Pension plans – Pension plans are the savings that a person keeps aside during their employment years and use a certain portion from this amount at the time of their retirement.
Everyone wishes to have a high bank balance and pledges to save some portion of their salary or income. However, it seems impossible with the kind of lifestyle we are heading towards or aiming to have. Until and unless there is a limitation or compulsion, we do not let the money stay in our accounts. Therefore, it is wise to invest. Investment plans have been launched in the market to help the people save some money for the time of emergency. It is a money that can be used productively. Definitely, the benefits are to be experienced in the longer run, however, it provides safety.
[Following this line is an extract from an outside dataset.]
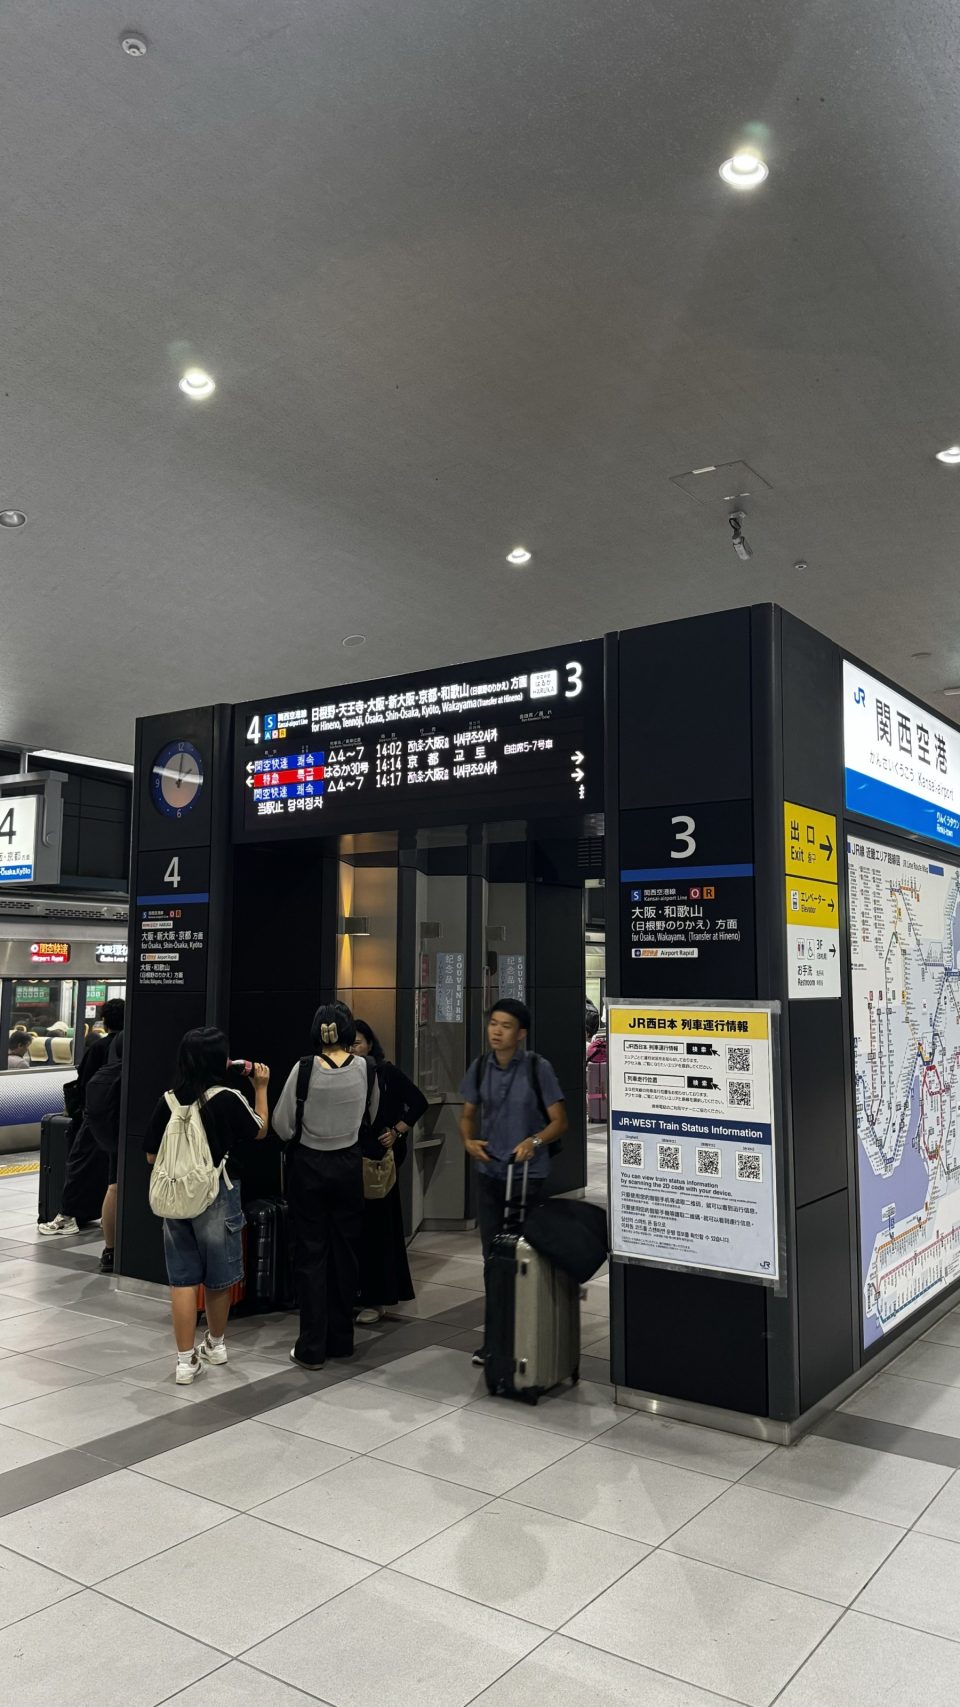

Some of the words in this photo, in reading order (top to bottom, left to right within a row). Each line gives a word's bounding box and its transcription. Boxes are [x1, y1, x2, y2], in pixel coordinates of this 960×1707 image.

Here are some of the benefits of investments:
Safety for future – It is believed that future is uncertain, one should live in present however the fact cannot be denied that a person is at peace only until his/her bank balance is strong. The moment the balance goes down, a person starts feeling insecure. Therefore, a person needs to plan his savings for the future and make it secure.
No chances of loss – Until and unless the market is really down, this money is least likely to go waste. It will always fetch you benefits in some or the other ways. There are rarely any chances of loss.
Extra income – With a timely investment, the amounts from it can be added income. In the case of real estate investment, you can take out rent similarly an investment in the stock market can get you some profit amount if the shares you purchased go up.
Save tax – One of the most used strategies is making investments so as to save tax, thus, getting the maximum of your salary.
Strengthen financial planning – If you have a strong vision with long-term financial goals. This is the most suitable path to be followed and fulfil your goal easily. Multiply your amount and secure your future.
Investments are a wiser way to put the money you earn to a productive use as there would never be a stop to our daily expenses. However, we have to save our future, it is wise we do it now!